* **Exercise requirements**
Should an entry contain an image, leave the image out and repeat the entry's text exactly.

>>

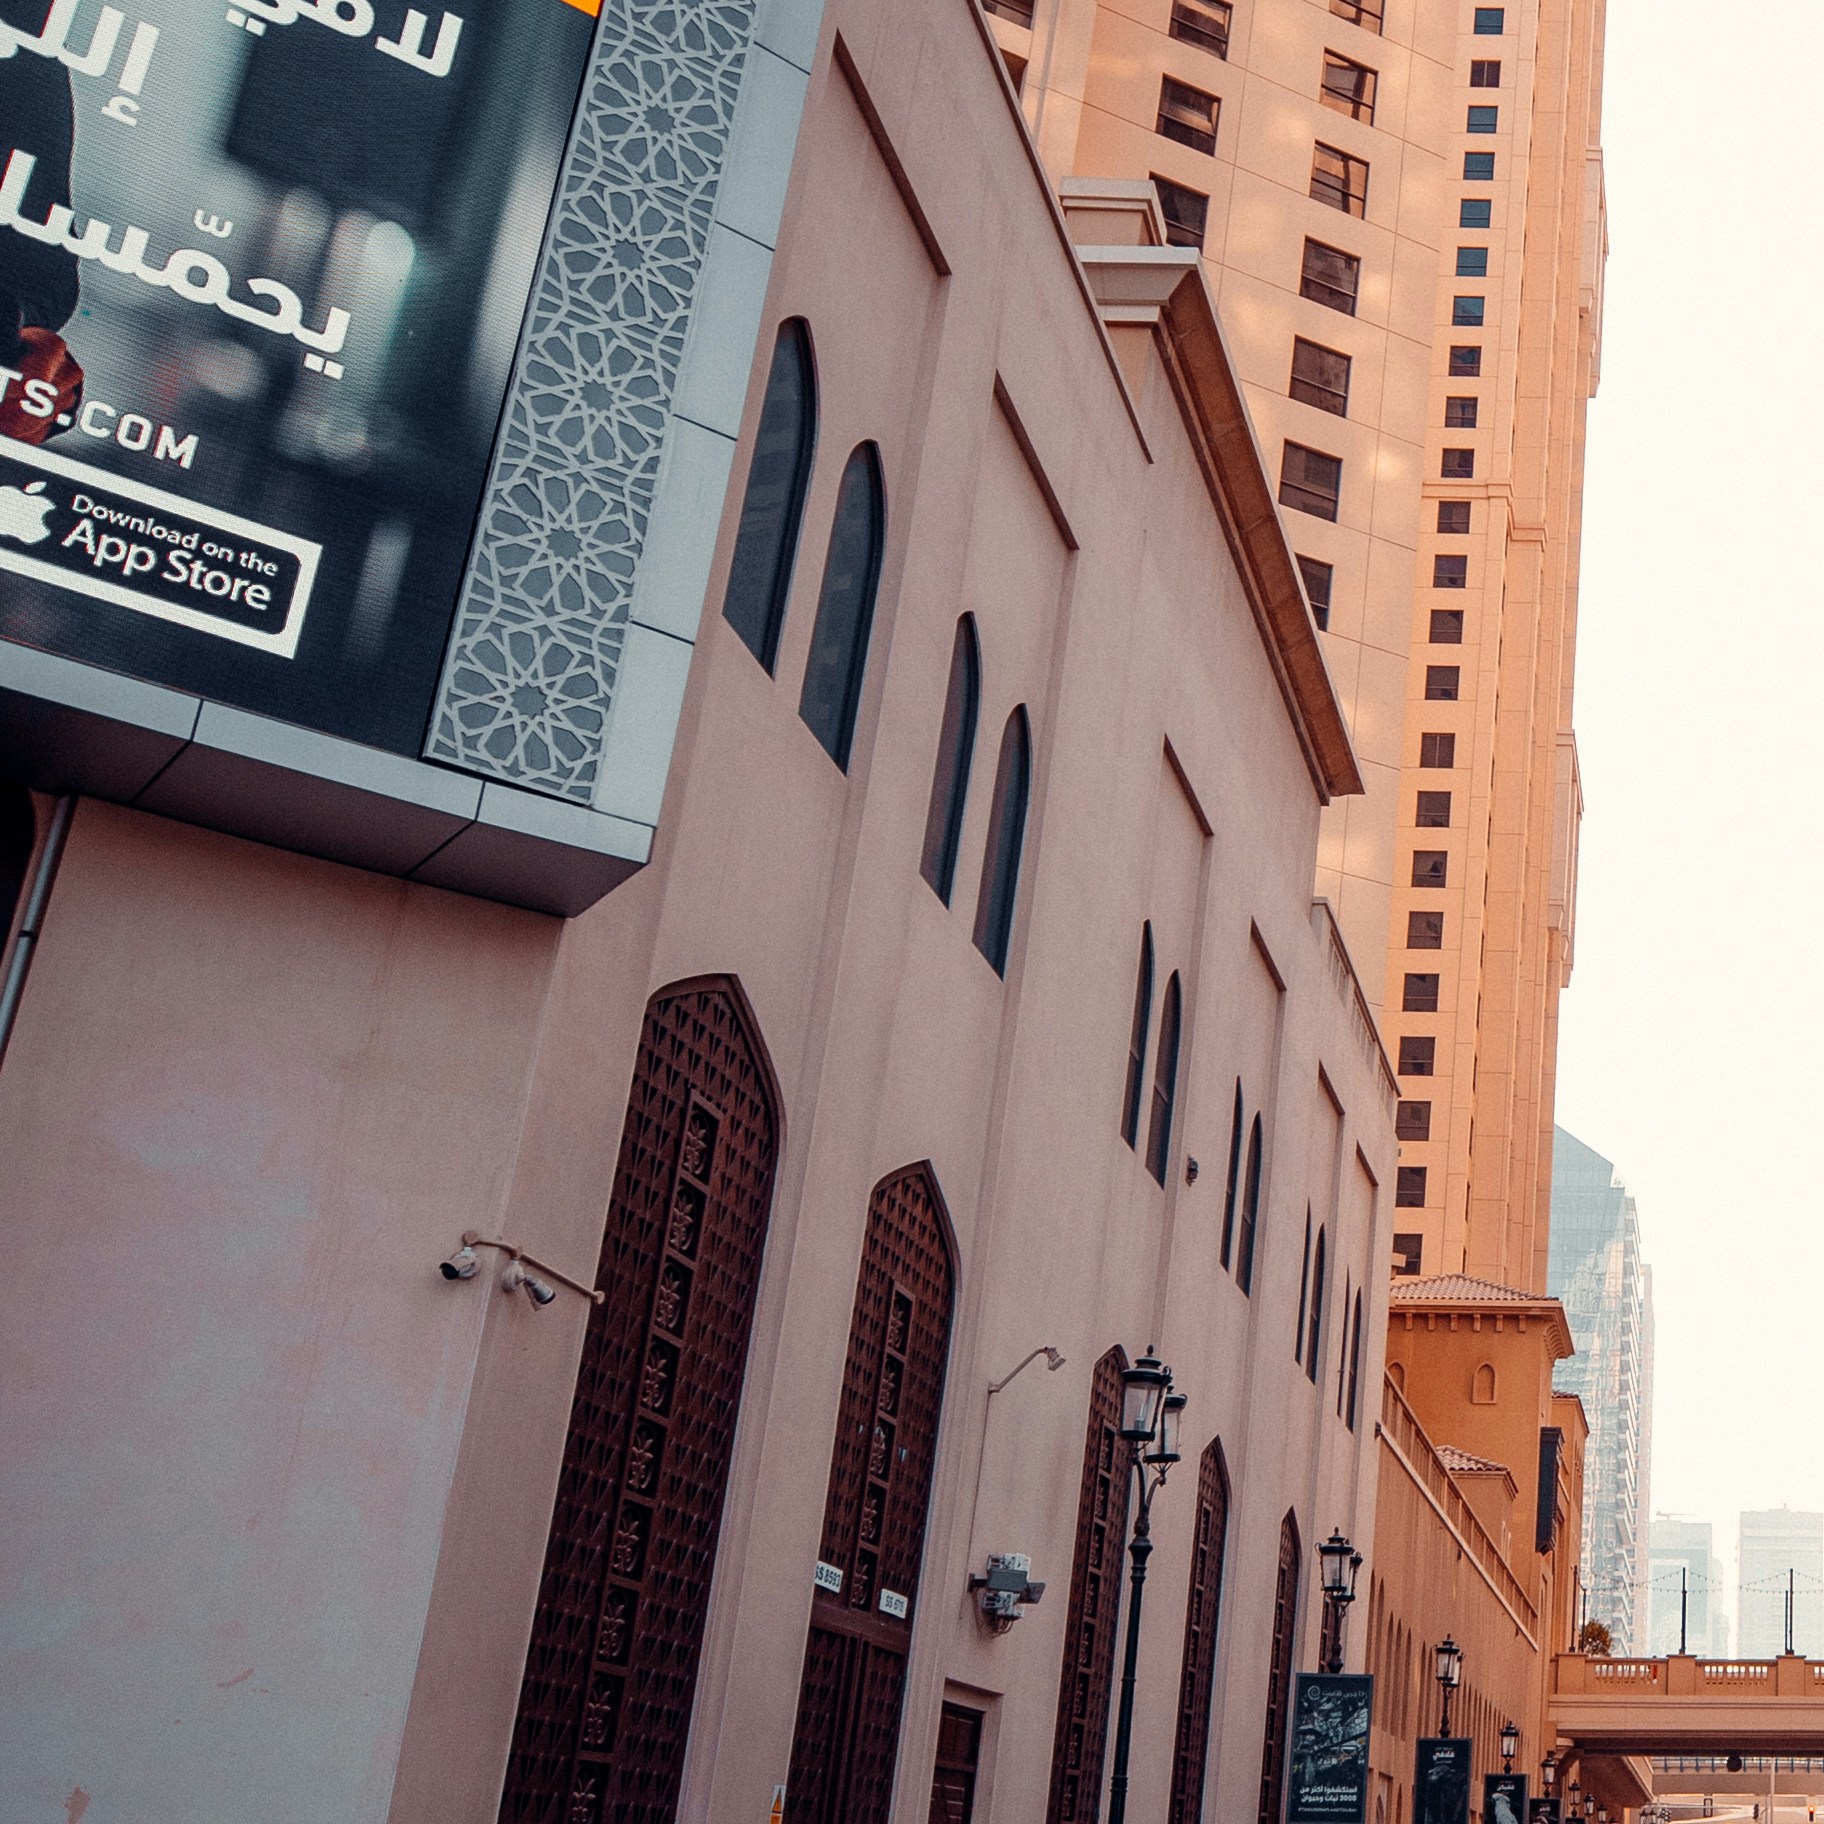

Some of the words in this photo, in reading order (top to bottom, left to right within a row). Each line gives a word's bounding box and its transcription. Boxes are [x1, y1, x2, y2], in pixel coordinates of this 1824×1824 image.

[61, 518, 158, 577] App
[161, 548, 273, 611] Store
[71, 493, 200, 551] Download
[202, 540, 235, 564] on
[239, 551, 280, 578] the

<<

* **Your response**
Some of the words in this photo, in reading order (top to bottom, left to right within a row). Each line gives a word's bounding box and its transcription. Boxes are [x1, y1, x2, y2], in pixel coordinates of this 1824×1824 image.

[61, 518, 158, 577] App
[161, 548, 273, 611] Store
[71, 493, 200, 551] Download
[202, 540, 235, 564] on
[239, 551, 280, 578] the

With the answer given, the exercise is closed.